(DATASET ENTRIES begins)

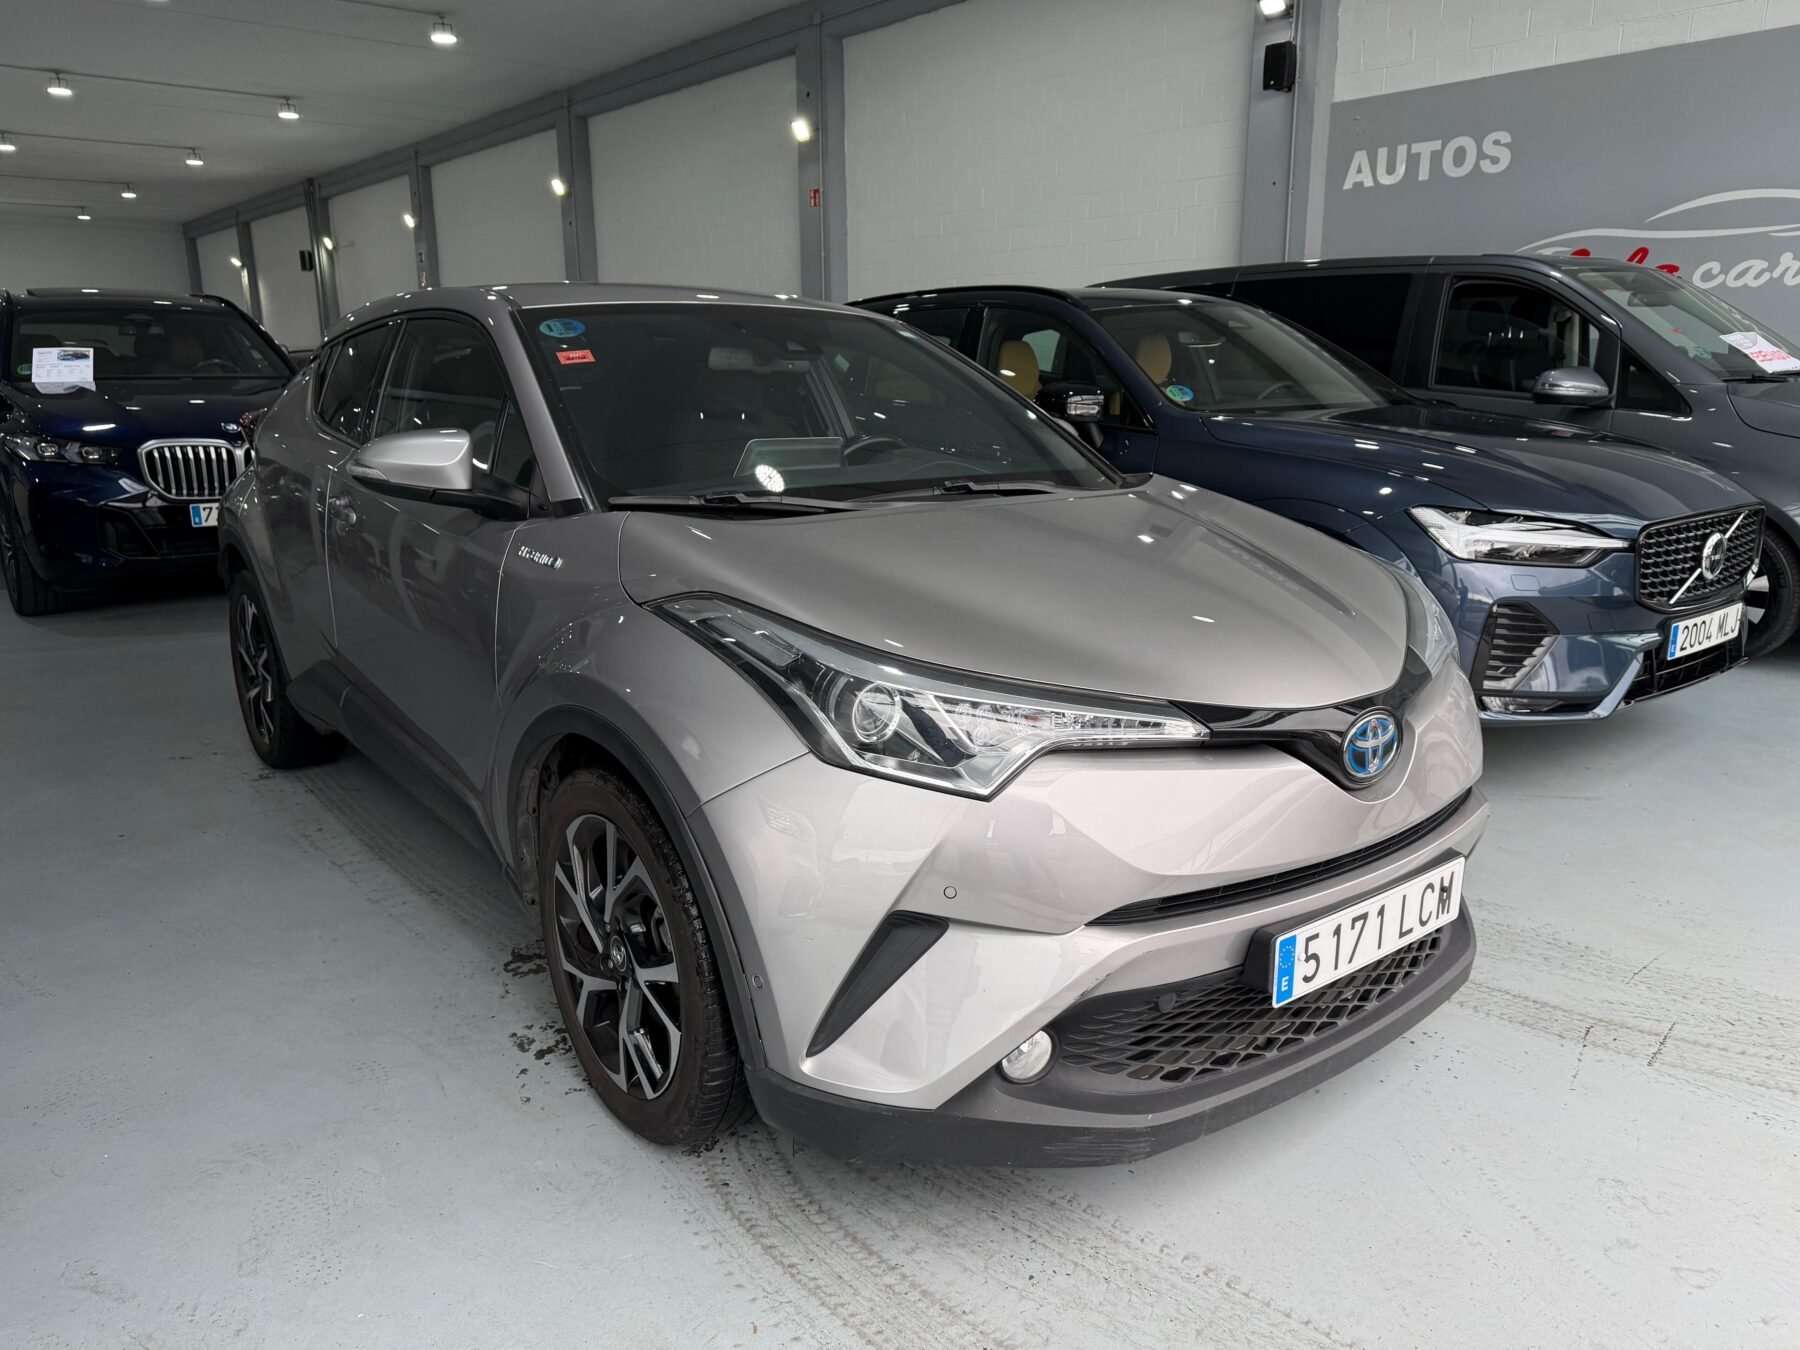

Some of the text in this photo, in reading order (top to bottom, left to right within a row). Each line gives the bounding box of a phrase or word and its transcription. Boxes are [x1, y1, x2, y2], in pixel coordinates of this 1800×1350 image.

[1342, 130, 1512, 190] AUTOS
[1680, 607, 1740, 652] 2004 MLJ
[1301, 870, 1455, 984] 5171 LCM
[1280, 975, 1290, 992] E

(DATASET ENTRIES ends)

WORK TO BE COMPLETED — Once the pictures are removed, set down what remains of the entries above exactly.

EXERCISE SOLUTION —
Some of the text in this photo, in reading order (top to bottom, left to right within a row). Each line gives the bounding box of a phrase or word and its transcription. Boxes are [x1, y1, x2, y2], in pixel coordinates of this 1800×1350 image.

[1342, 130, 1512, 190] AUTOS
[1680, 607, 1740, 652] 2004 MLJ
[1301, 870, 1455, 984] 5171 LCM
[1280, 975, 1290, 992] E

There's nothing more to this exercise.